Dabei hat gerade der SPD-Vorsitzende Gabriel eine Kostprobe in rechten Populismus gegeben und dafür die darin geübte Bild-Zeitung genutzt: "Überall in Europa wächst die Stimmung Es reicht", lautet der Aufmacher. Den Höhepunkt von Gabriels Populismus hat Bild dann gleich fett gedruckt. Der SPD-Chef sagte gegenüber dem Boulevardblatt:

Deshalb werden Europa und Deutschland sich nicht erpressen lassen. Und wir werden nicht die überzogenen Wahlversprechen einer zum Teil kommunistischen Regierung durch die deutschen Arbeitnehmer und ihre Familien bezahlen lassen.

Das Bild von den griechischen Alt- und Halbkommunisten, für die der deutsche Steuerzahler Geld ausgeben soll, ist schon nahe an der Propaganda der extremen Rechten. Besondere Brisanz bekommen diese Ausfälle vor dem Hintergrund der Reparationsforderungen der griechischen Regierung an Deutschland.

Man kann so die Ausfälle Gabriels ebenso wie die Bild-Kampagne gegen weitere Griechenlandhilfen vor einigen Monaten als eine besondere Form der Schuldabwehr gegenüber einem Land interpretieren, das Deutschland, das mit seiner Vergangenheit abgeschlossen hat, unbezahlte Rechnungen aus der NS-Zeit präsentiert.

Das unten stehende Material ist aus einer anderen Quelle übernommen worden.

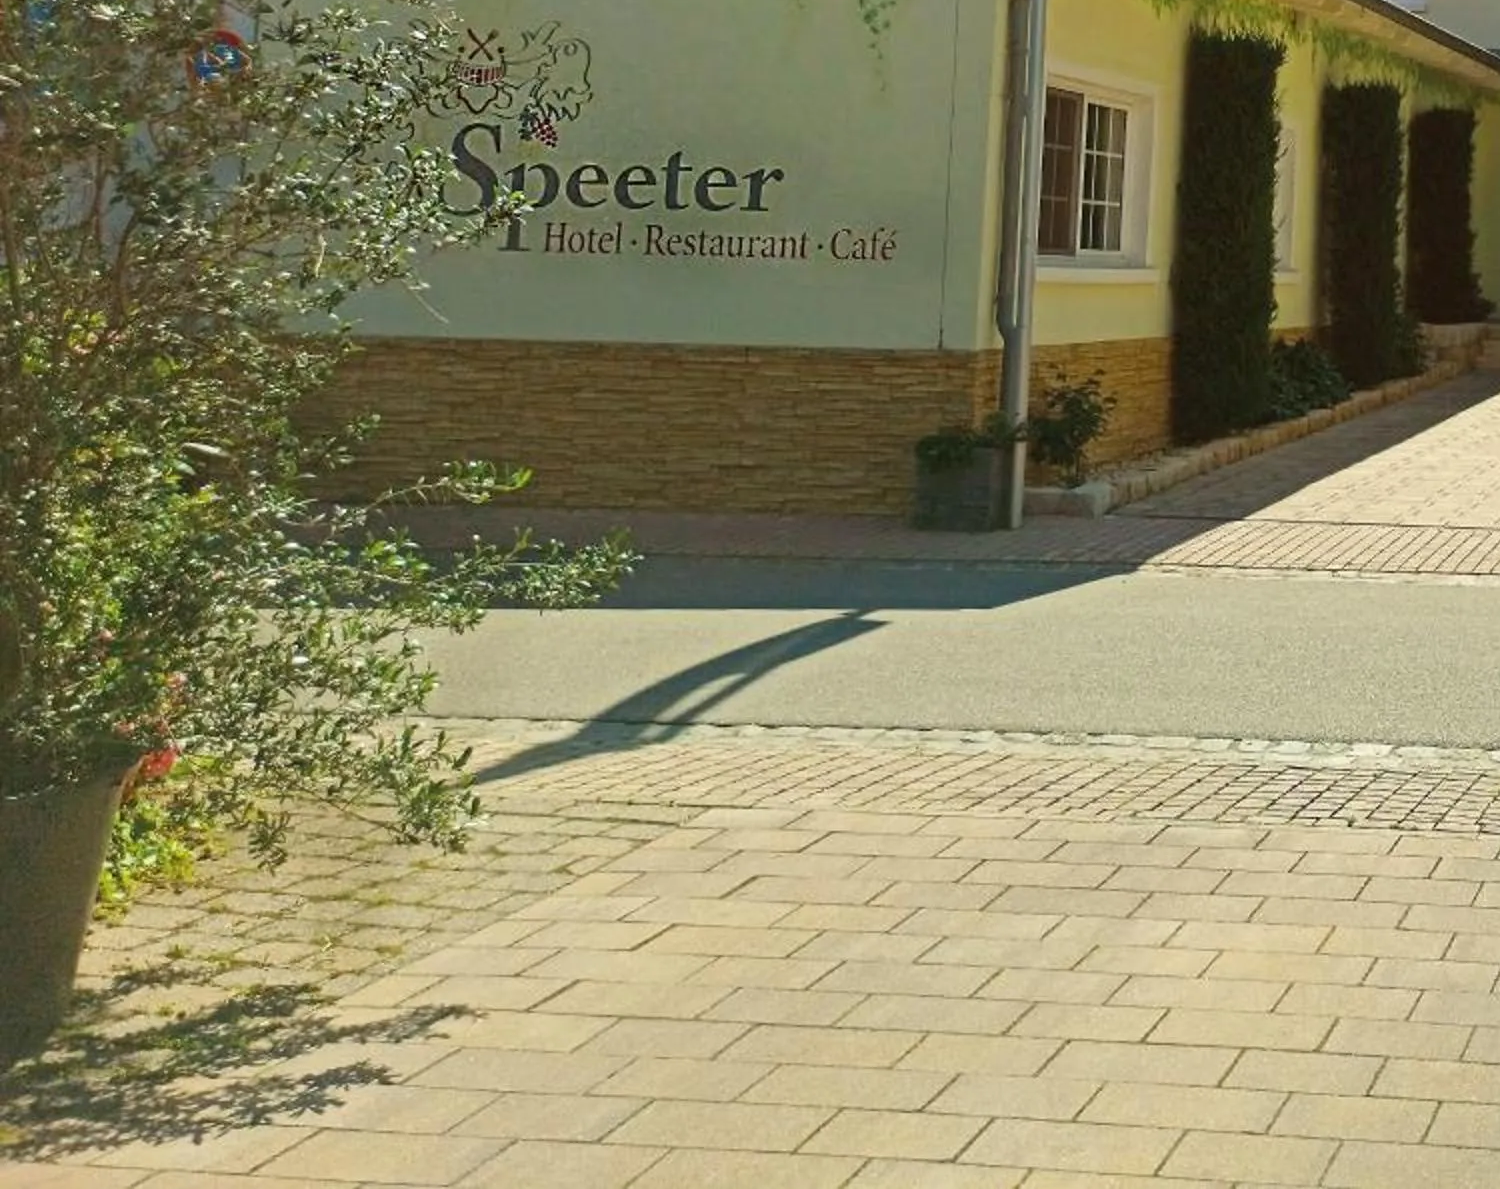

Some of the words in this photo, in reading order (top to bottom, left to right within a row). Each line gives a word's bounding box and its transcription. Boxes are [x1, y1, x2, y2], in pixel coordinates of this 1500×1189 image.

[441, 122, 785, 251] Speeter
[544, 221, 622, 255] Hotel
[644, 223, 810, 260] Restaurant
[830, 227, 897, 262] Café
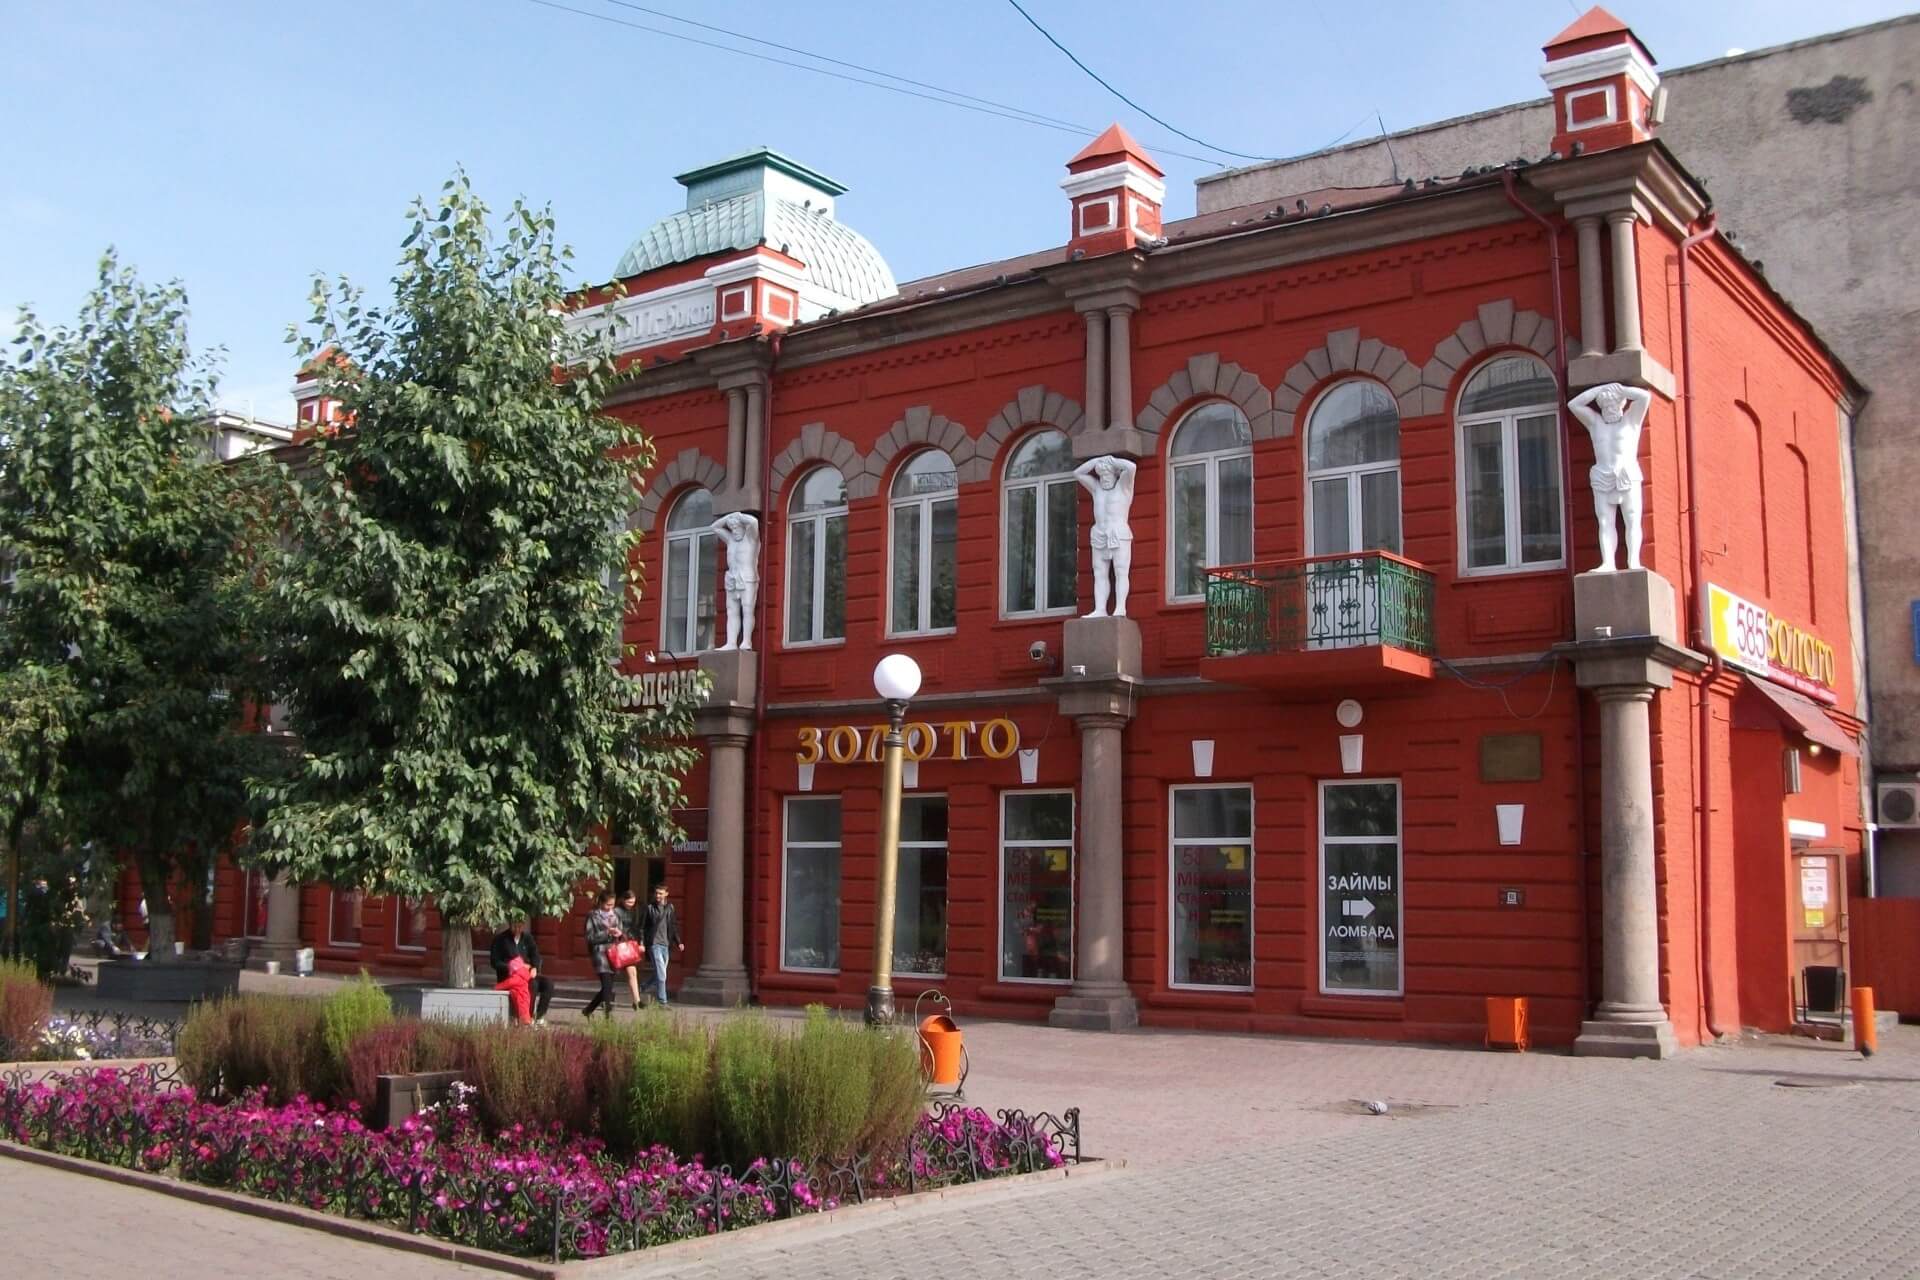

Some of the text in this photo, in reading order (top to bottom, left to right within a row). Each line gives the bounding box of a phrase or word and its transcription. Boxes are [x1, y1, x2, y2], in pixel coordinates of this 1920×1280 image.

[1736, 602, 1835, 687] 585 ЗОЛОТО
[797, 718, 1020, 764] ЗОЛОТО
[1328, 872, 1391, 890] ЗАЙМЫ
[1328, 925, 1395, 940] ЛОМБАРД

Beginn der Solidarität auf der Straße?

Nun konnte kein politischer Beobachter erwarten, dass ausgerechnet die SPD sich mit der griechischen Regierung solidarisiert. Manche, die die SPD-Parolen von einem sozialeren Europa ernst nahmen, hatten zumindest erwartet, dass die Partei die Chance ergreift, sich als Mittler in Szene zu setzen. Zu ihnen gehört der sozialdemokratische Ökonom Gustav A. Horn, der heftige Kritik an der Diktion von Gabriel übte.

"Es gab SPD-Vorsitzende, die sich für so etwas geschämt hätten", mutmaßt Horn. Relativ weit wagt sich der DGB vor, wenn er Gabriels Verdikt derart verändert:

Es stimmt. Es reicht mit der sinnlosen Sparpolitik.

Auf der DGB-Facebook-Seite wird auch daran erinnert, dass Europas Sparpolitik für Verarmung und den Abbau von Arbeitnehmerrechten verantwortlich ist. Diese innersozialdemokratischen Auseinandersetzungen könnten die Chancen für eine wahrnehmbare außerparlamentarische Solidaritätsbewegung mit Griechenland vergrößern.

Unter dem sehr vagen Motto Europa anders machen plant eine republikweite Protestbewegung eine Demonstration der außerparlamentarischen Bewegung. Die europäische Flüchtlingspolitik ist dabei ebenso im Fokus der Kritik wie die Austeritätspolitik. Die Demonstration soll auch ein Auftakt für eine transnationale Griechenlandsolidaritätswoche sein. Auch in vielen anderen Ländern sind Solidaritätsaktionen mit Griechenland geplant.

Es wäre zu wünschen, dass die ganzen Inszenierungen rund um Griechenland durch eine Bewegung von unten ersetzt werden. Statt Merkel dazu aufzufordern, in Europa aktiver für die Interessen Griechenland einzutreten, wie es Spiras kürzlich verlautbarte, sollte besser gefragt werden, ob es möglich ist, von Unten genug Druck für solche Forderungen aufzubauen.